Instructions to follow: Nothing but the lines from the one that contains "this 1734×1154 image." through the end of the listing should appear, set down exactly.
Exercise inputs Start Marker
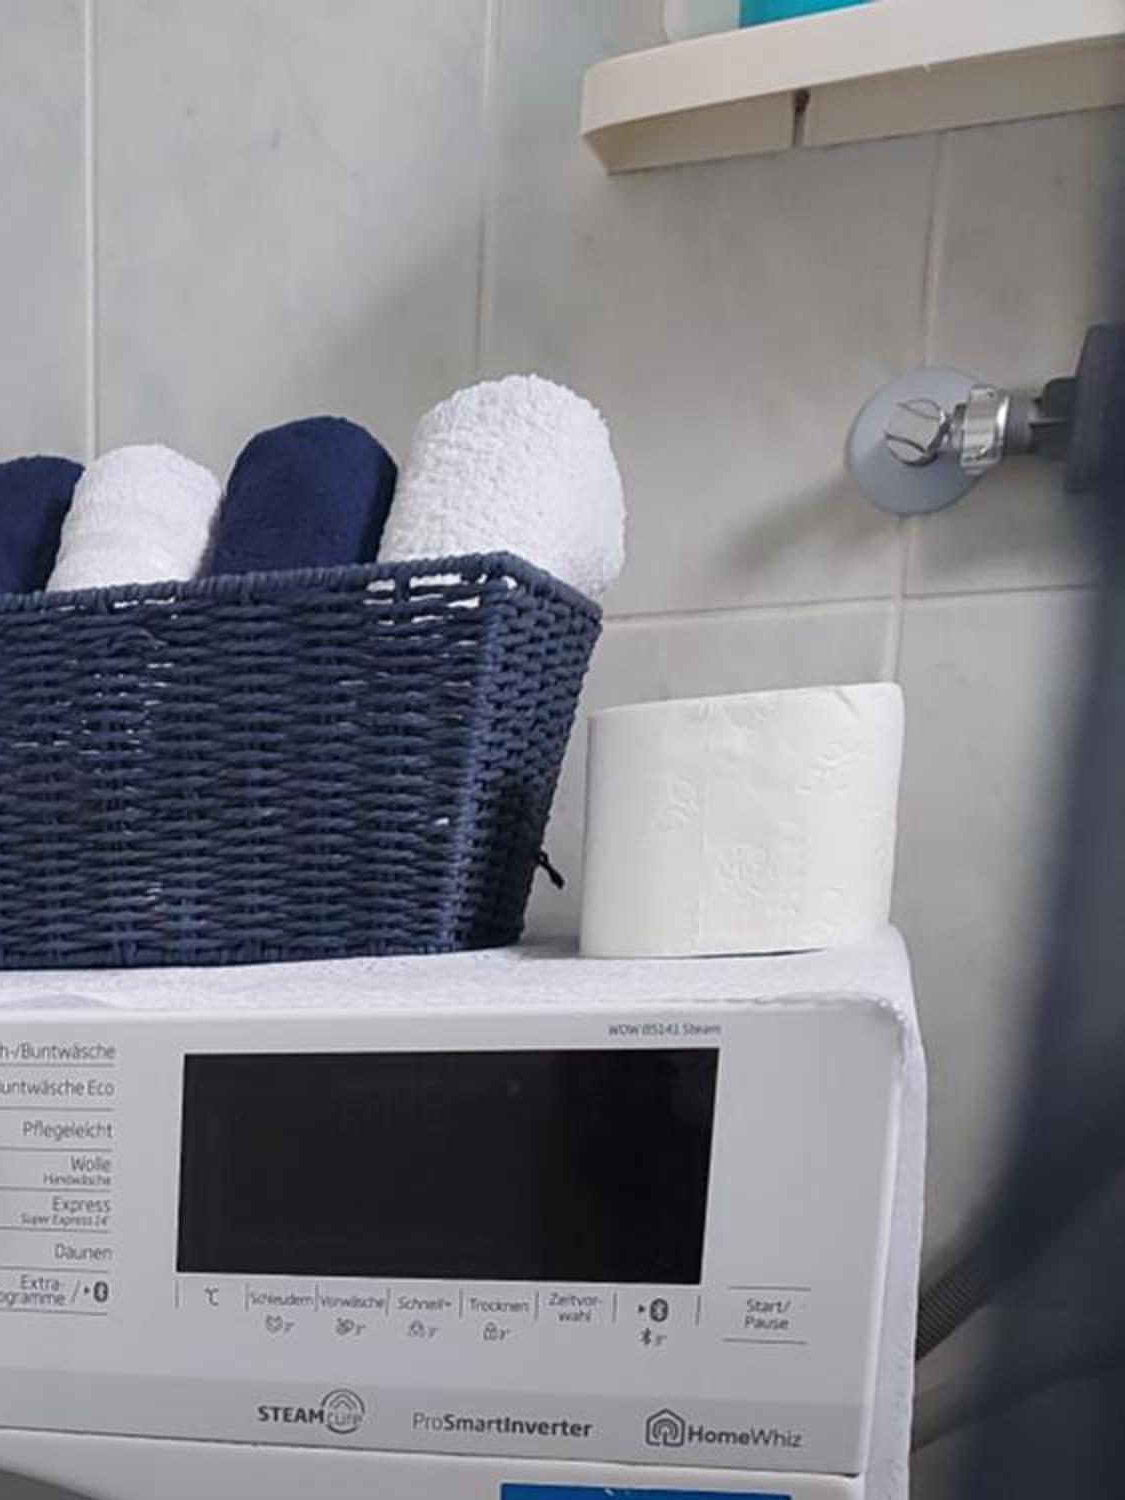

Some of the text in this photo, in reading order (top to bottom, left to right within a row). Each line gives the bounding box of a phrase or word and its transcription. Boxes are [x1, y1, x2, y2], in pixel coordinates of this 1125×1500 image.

[87, 1080, 115, 1097] Eco
[23, 1120, 114, 1142] Pflegeleicht
[70, 1155, 112, 1173] Wolle
[52, 1196, 112, 1215] Express
[55, 1243, 113, 1261] Daunen
[251, 1290, 314, 1307] Schleudern
[397, 1295, 453, 1312] Schnell+
[470, 1297, 529, 1314] Trocknen
[746, 1297, 793, 1315] Start/
[558, 1307, 592, 1323] wahl
[744, 1314, 790, 1331] Pause
[412, 1411, 593, 1438] ProSmartInverter
[688, 1424, 803, 1449] HomeWhiz
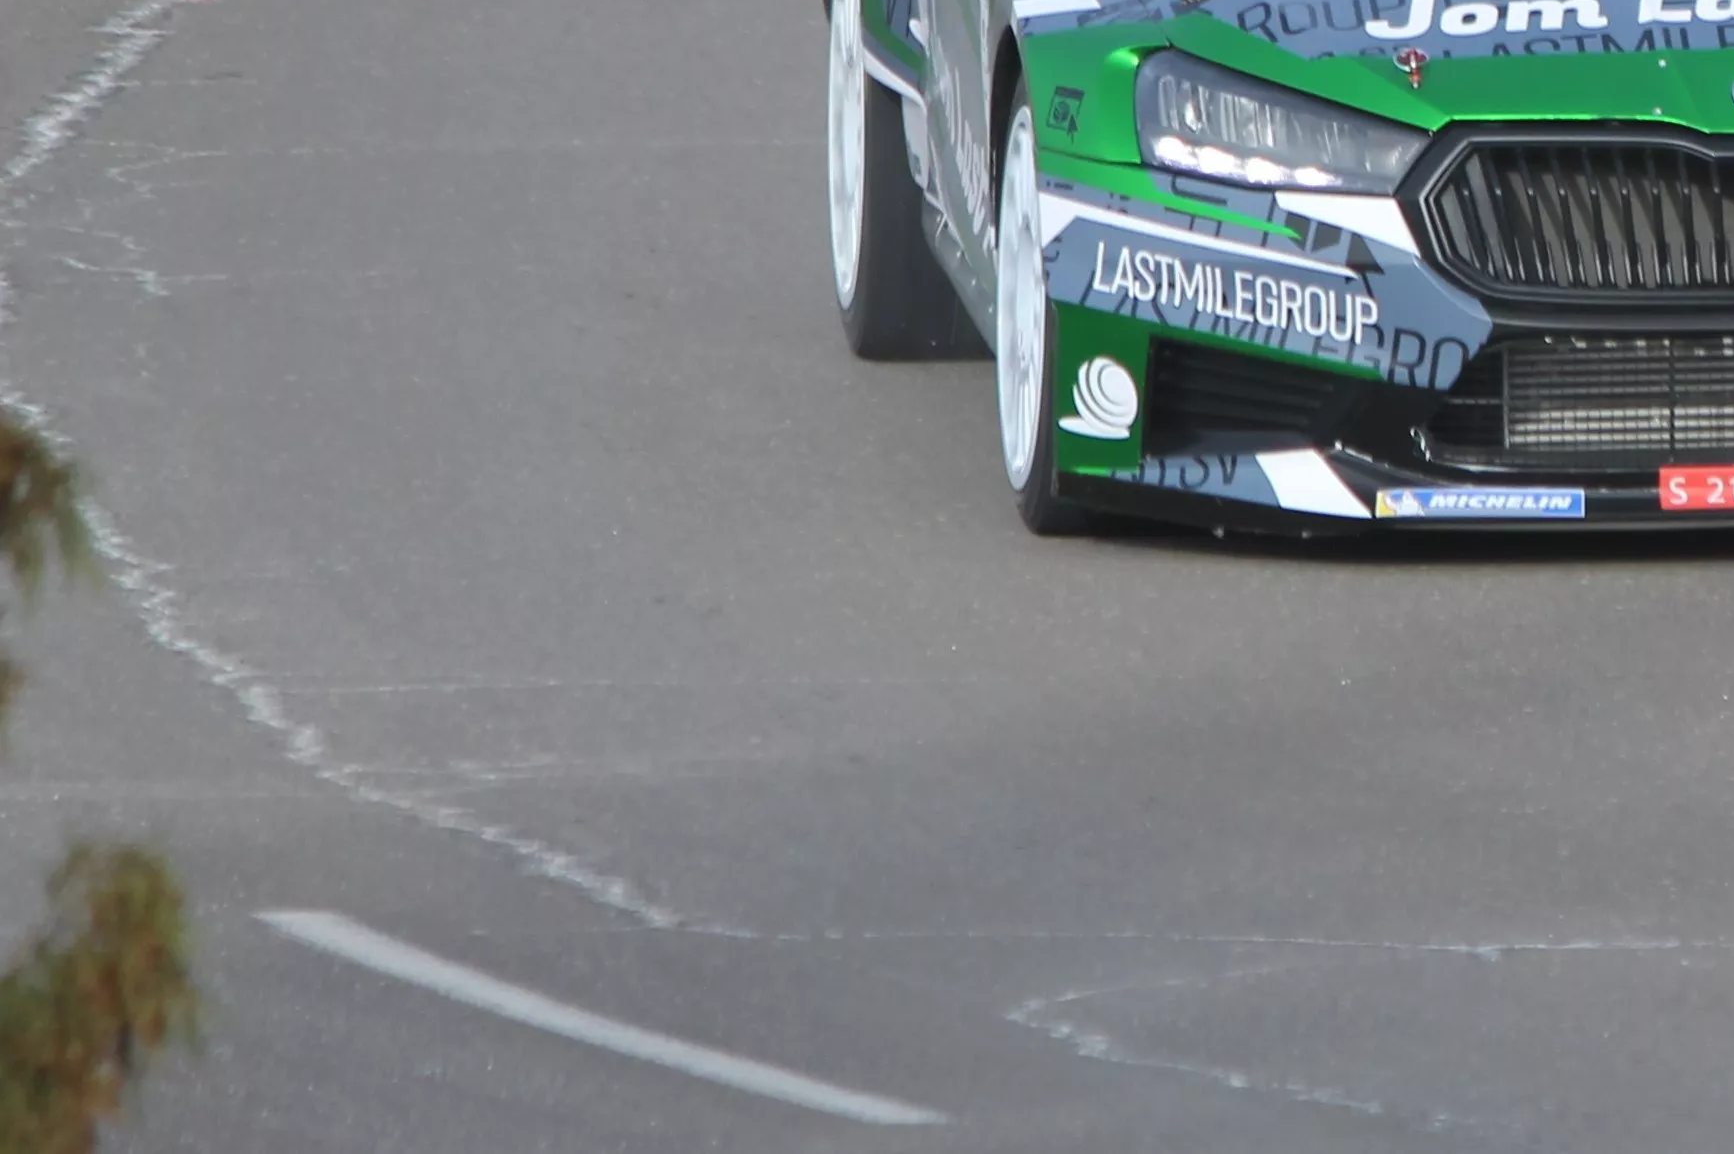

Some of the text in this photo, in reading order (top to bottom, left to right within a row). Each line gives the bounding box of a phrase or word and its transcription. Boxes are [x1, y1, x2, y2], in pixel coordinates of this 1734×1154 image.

[1092, 241, 1379, 344] LASTMILEGROUP
[1429, 493, 1573, 511] MICHELIN
[1669, 478, 1688, 505] S
Exercise inputs End Marker
Task output:
Some of the text in this photo, in reading order (top to bottom, left to right within a row). Each line gives the bounding box of a phrase or word and its transcription. Boxes are [x1, y1, x2, y2], in pixel coordinates of this 1734×1154 image.

[1092, 241, 1379, 344] LASTMILEGROUP
[1429, 493, 1573, 511] MICHELIN
[1669, 478, 1688, 505] S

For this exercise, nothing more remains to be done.